Nothing but the pictures should be left out when the entries below are duplicated.

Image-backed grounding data
• • • •

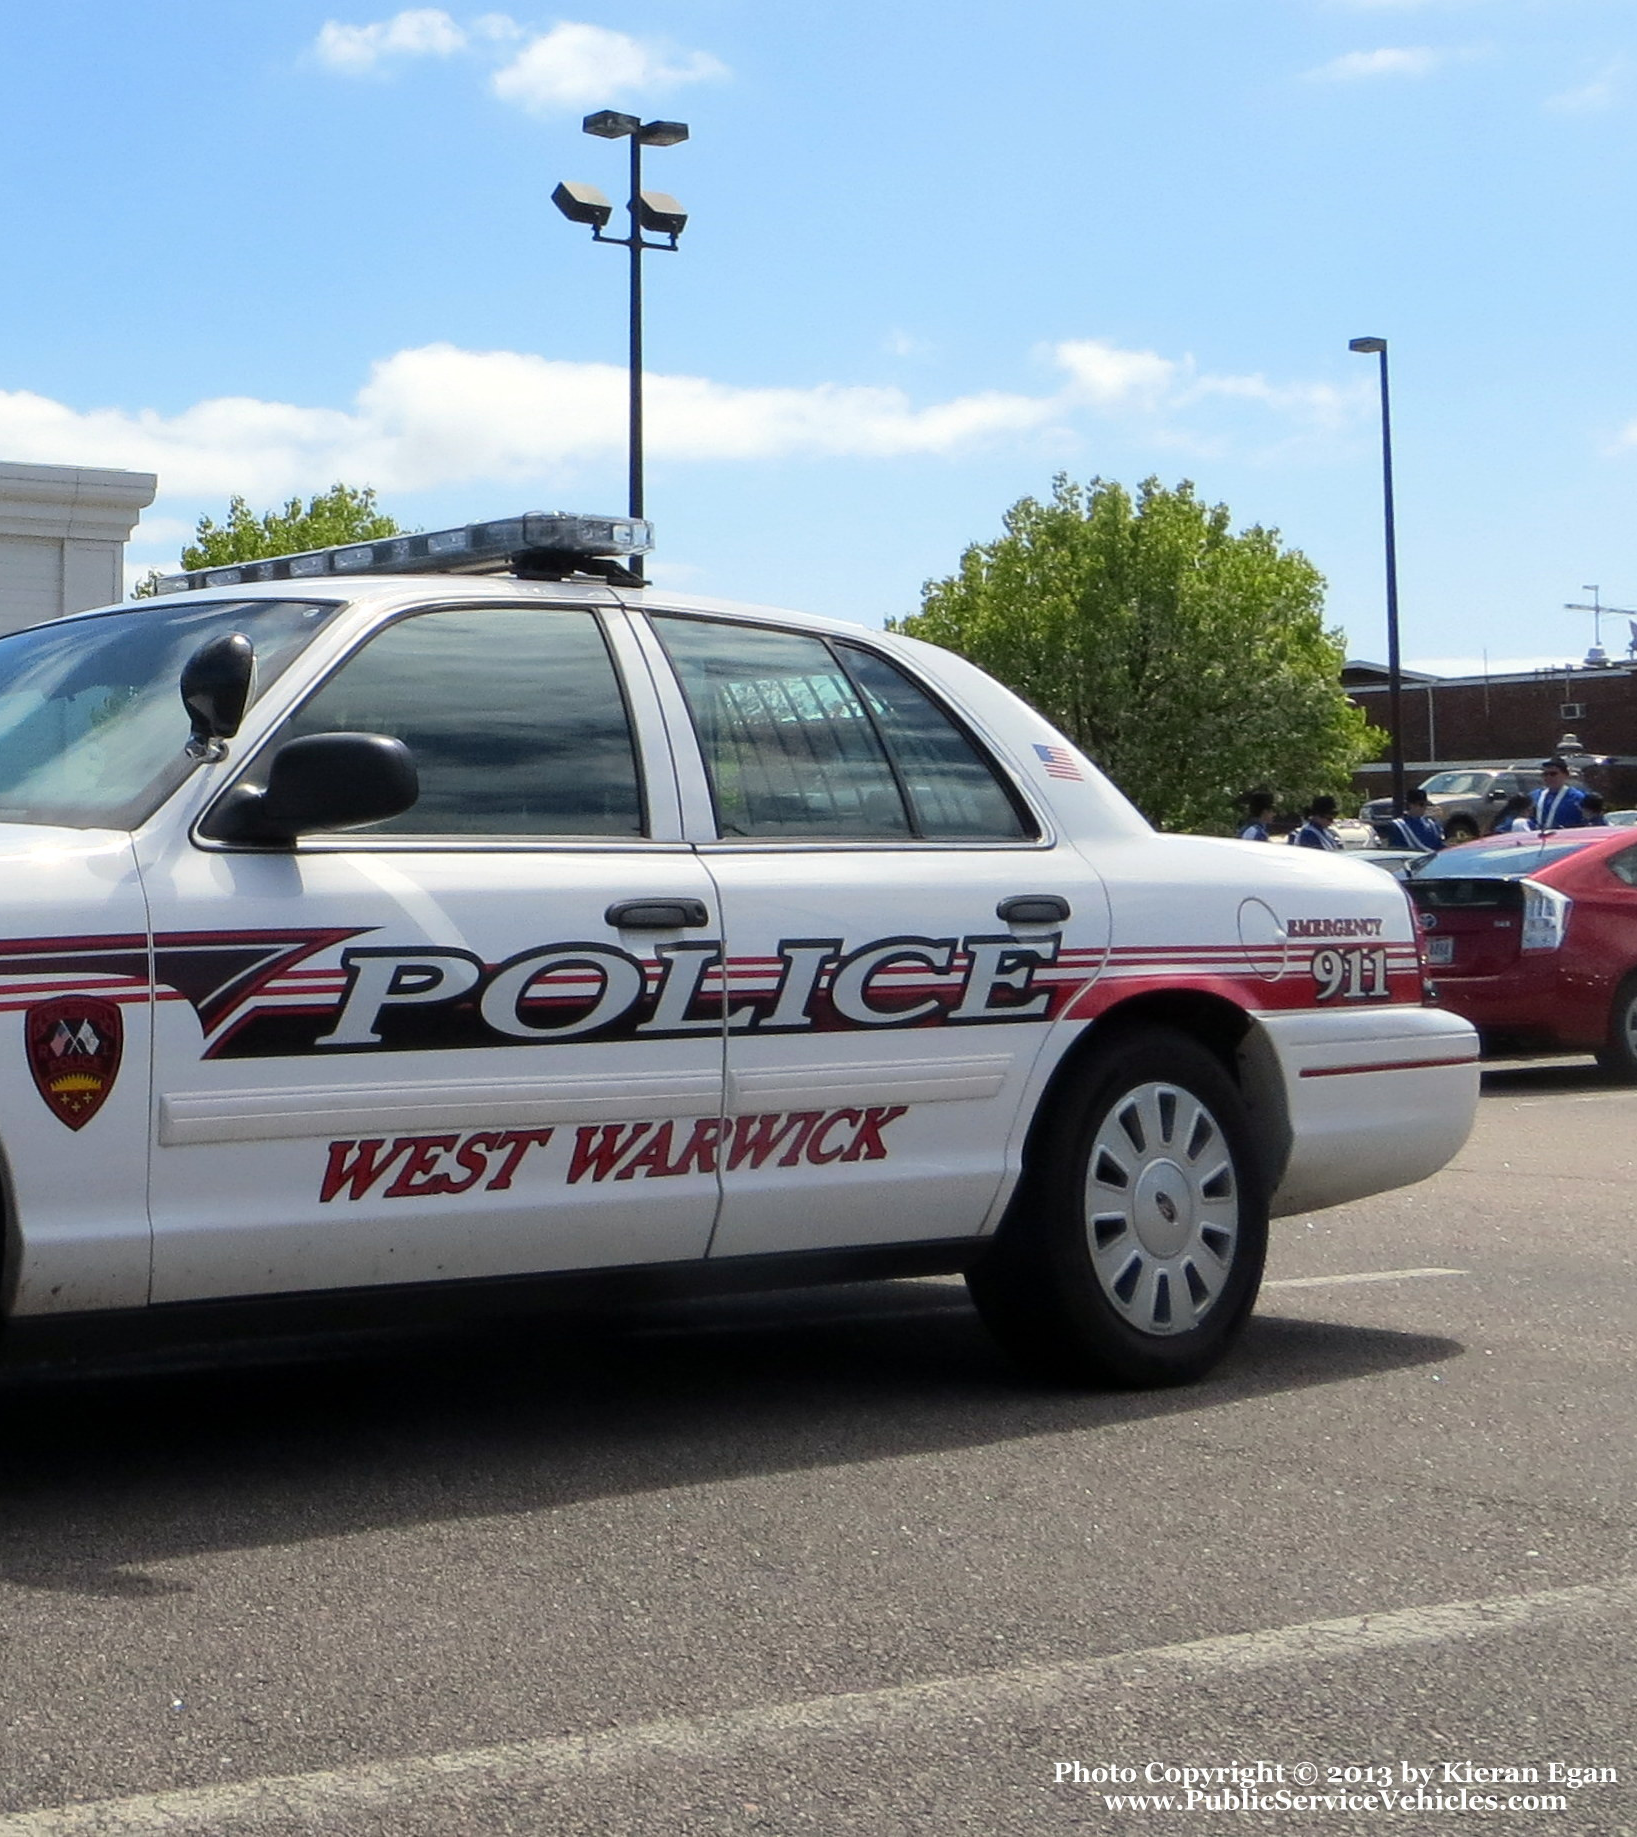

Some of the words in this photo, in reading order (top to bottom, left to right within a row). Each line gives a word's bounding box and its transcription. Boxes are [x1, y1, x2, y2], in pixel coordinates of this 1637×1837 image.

[1286, 918, 1383, 937] EMERGENCY
[313, 933, 1058, 1046] POLICE
[1312, 947, 1390, 1000] 911
[319, 1127, 555, 1202] WEST
[566, 1105, 909, 1185] WARWICK
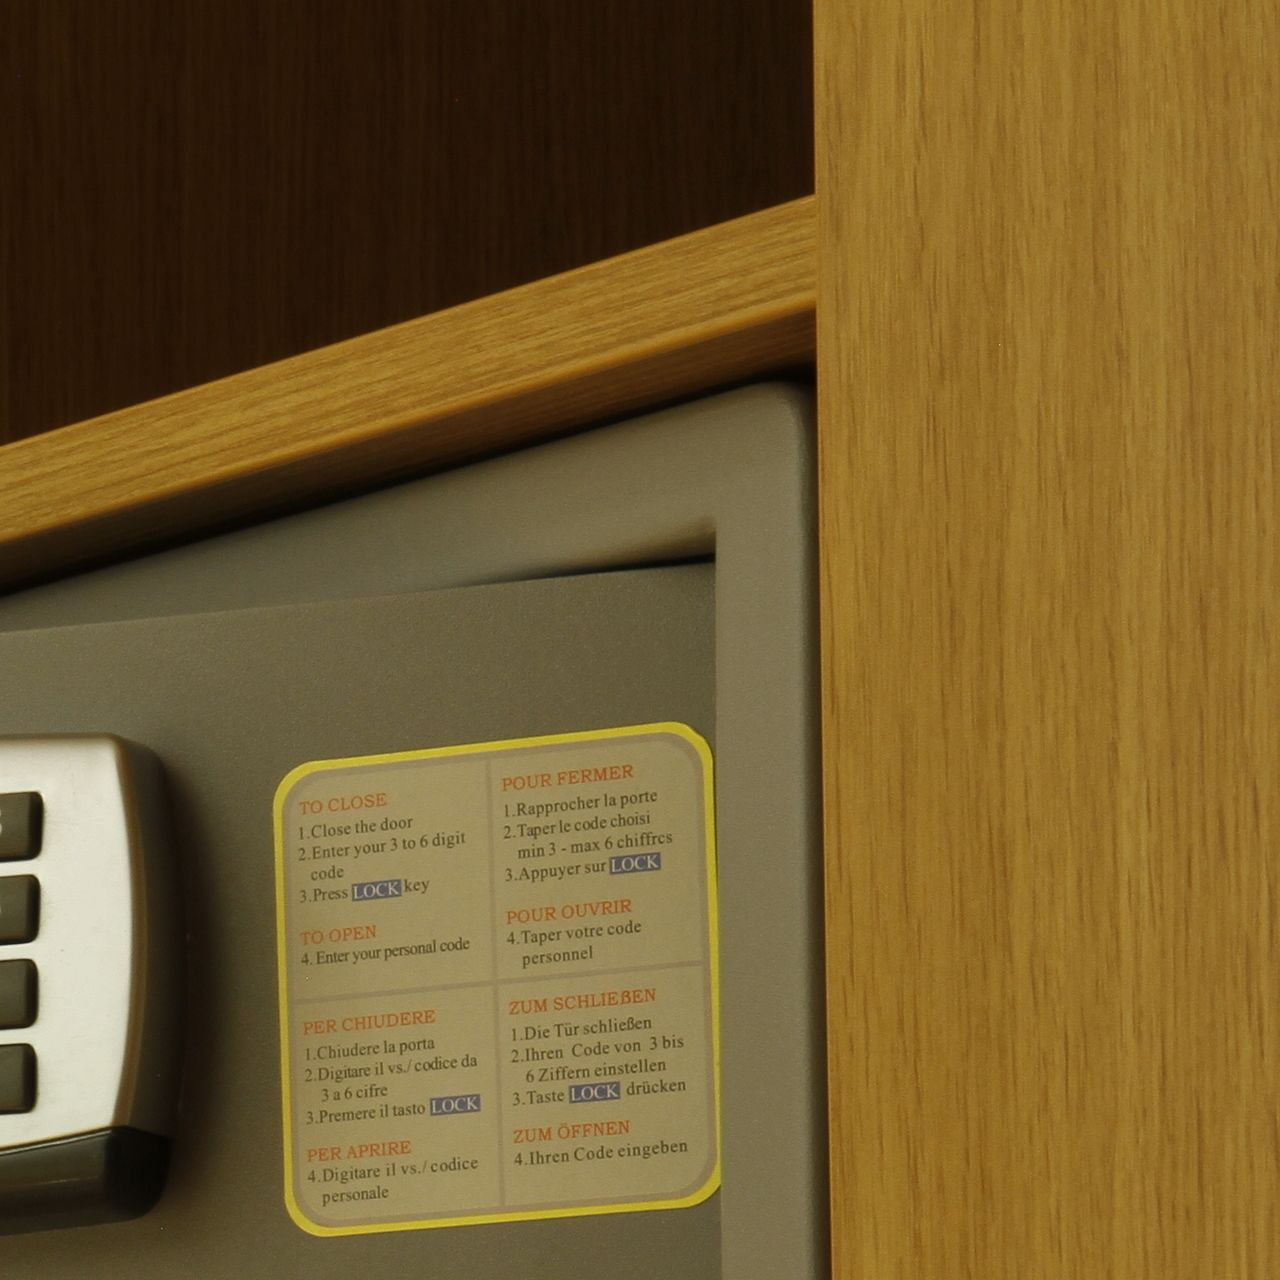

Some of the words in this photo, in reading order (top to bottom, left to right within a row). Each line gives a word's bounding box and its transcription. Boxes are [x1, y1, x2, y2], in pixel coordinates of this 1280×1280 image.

[502, 774, 552, 791] POUR
[557, 765, 634, 785] FERMER
[300, 801, 322, 814] TO
[328, 793, 387, 812] CLOSE
[604, 793, 617, 807] la
[621, 791, 658, 808] porte
[355, 820, 376, 833] the
[380, 817, 413, 831] door
[559, 819, 571, 833] le
[575, 817, 607, 831] code
[611, 811, 651, 828] choisi
[354, 841, 386, 859] your
[390, 838, 398, 851] 3
[402, 838, 416, 849] to
[420, 836, 428, 847] 6
[432, 831, 466, 849] digit
[518, 844, 545, 859] min
[548, 842, 556, 856] 3
[571, 840, 600, 853] max
[605, 836, 613, 849] 6
[617, 831, 673, 848] chiffres
[311, 866, 344, 881] code
[585, 861, 607, 873] sur
[611, 855, 659, 872] LOCK
[353, 881, 399, 899] LOCK
[404, 879, 430, 894] key
[507, 907, 556, 924] POUR
[561, 900, 632, 919] OUVRIR
[300, 932, 323, 945] TO
[329, 925, 377, 943] OPEN
[566, 925, 603, 939] votre
[607, 920, 642, 934] code
[301, 954, 313, 966] 4.
[316, 951, 350, 965] Enter
[353, 948, 381, 964] your
[385, 940, 436, 961] personal
[440, 937, 470, 952] code
[522, 946, 593, 969] personnel
[509, 998, 547, 1015] ZUM
[304, 1020, 337, 1035] PER
[342, 1010, 436, 1031] CHIUDERE
[554, 1022, 579, 1037] Tür
[583, 1017, 652, 1035] schließen
[384, 1041, 396, 1053] la
[400, 1039, 435, 1056] porta
[572, 1042, 610, 1057] Code
[614, 1041, 641, 1053] von
[649, 1037, 657, 1050] 3
[662, 1035, 684, 1049] bis
[375, 1062, 384, 1076] il
[414, 1057, 457, 1072] codice
[461, 1054, 477, 1068] da
[526, 1070, 534, 1083] 6
[538, 1065, 590, 1082] Ziffern
[594, 1059, 666, 1077] einstellen
[322, 1089, 329, 1101] 3
[333, 1091, 341, 1100] a
[344, 1088, 353, 1099] 6
[356, 1084, 388, 1098] cifre
[571, 1084, 618, 1101] LOCK
[626, 1079, 686, 1096] drücken
[380, 1105, 389, 1118] il
[393, 1103, 425, 1116] tasto
[432, 1097, 478, 1113] LOCK
[513, 1127, 552, 1144] ZUM
[558, 1120, 631, 1139] ÖFFNEN
[308, 1147, 342, 1162] PER
[346, 1141, 412, 1159] APRIRE
[574, 1146, 613, 1161] Code
[618, 1140, 688, 1159] eingeben
[386, 1164, 396, 1177] il
[431, 1156, 478, 1172] codice
[322, 1186, 389, 1206] personale

• • • •

Answer to this exercise =>
Some of the words in this photo, in reading order (top to bottom, left to right within a row). Each line gives a word's bounding box and its transcription. Boxes are [x1, y1, x2, y2], in pixel coordinates of this 1637×1837 image.

[1286, 918, 1383, 937] EMERGENCY
[313, 933, 1058, 1046] POLICE
[1312, 947, 1390, 1000] 911
[319, 1127, 555, 1202] WEST
[566, 1105, 909, 1185] WARWICK

Some of the words in this photo, in reading order (top to bottom, left to right within a row). Each line gives a word's bounding box and its transcription. Boxes are [x1, y1, x2, y2], in pixel coordinates of this 1280×1280 image.

[502, 774, 552, 791] POUR
[557, 765, 634, 785] FERMER
[300, 801, 322, 814] TO
[328, 793, 387, 812] CLOSE
[604, 793, 617, 807] la
[621, 791, 658, 808] porte
[355, 820, 376, 833] the
[380, 817, 413, 831] door
[559, 819, 571, 833] le
[575, 817, 607, 831] code
[611, 811, 651, 828] choisi
[354, 841, 386, 859] your
[390, 838, 398, 851] 3
[402, 838, 416, 849] to
[420, 836, 428, 847] 6
[432, 831, 466, 849] digit
[518, 844, 545, 859] min
[548, 842, 556, 856] 3
[571, 840, 600, 853] max
[605, 836, 613, 849] 6
[617, 831, 673, 848] chiffres
[311, 866, 344, 881] code
[585, 861, 607, 873] sur
[611, 855, 659, 872] LOCK
[353, 881, 399, 899] LOCK
[404, 879, 430, 894] key
[507, 907, 556, 924] POUR
[561, 900, 632, 919] OUVRIR
[300, 932, 323, 945] TO
[329, 925, 377, 943] OPEN
[566, 925, 603, 939] votre
[607, 920, 642, 934] code
[301, 954, 313, 966] 4.
[316, 951, 350, 965] Enter
[353, 948, 381, 964] your
[385, 940, 436, 961] personal
[440, 937, 470, 952] code
[522, 946, 593, 969] personnel
[509, 998, 547, 1015] ZUM
[304, 1020, 337, 1035] PER
[342, 1010, 436, 1031] CHIUDERE
[554, 1022, 579, 1037] Tür
[583, 1017, 652, 1035] schließen
[384, 1041, 396, 1053] la
[400, 1039, 435, 1056] porta
[572, 1042, 610, 1057] Code
[614, 1041, 641, 1053] von
[649, 1037, 657, 1050] 3
[662, 1035, 684, 1049] bis
[375, 1062, 384, 1076] il
[414, 1057, 457, 1072] codice
[461, 1054, 477, 1068] da
[526, 1070, 534, 1083] 6
[538, 1065, 590, 1082] Ziffern
[594, 1059, 666, 1077] einstellen
[322, 1089, 329, 1101] 3
[333, 1091, 341, 1100] a
[344, 1088, 353, 1099] 6
[356, 1084, 388, 1098] cifre
[571, 1084, 618, 1101] LOCK
[626, 1079, 686, 1096] drücken
[380, 1105, 389, 1118] il
[393, 1103, 425, 1116] tasto
[432, 1097, 478, 1113] LOCK
[513, 1127, 552, 1144] ZUM
[558, 1120, 631, 1139] ÖFFNEN
[308, 1147, 342, 1162] PER
[346, 1141, 412, 1159] APRIRE
[574, 1146, 613, 1161] Code
[618, 1140, 688, 1159] eingeben
[386, 1164, 396, 1177] il
[431, 1156, 478, 1172] codice
[322, 1186, 389, 1206] personale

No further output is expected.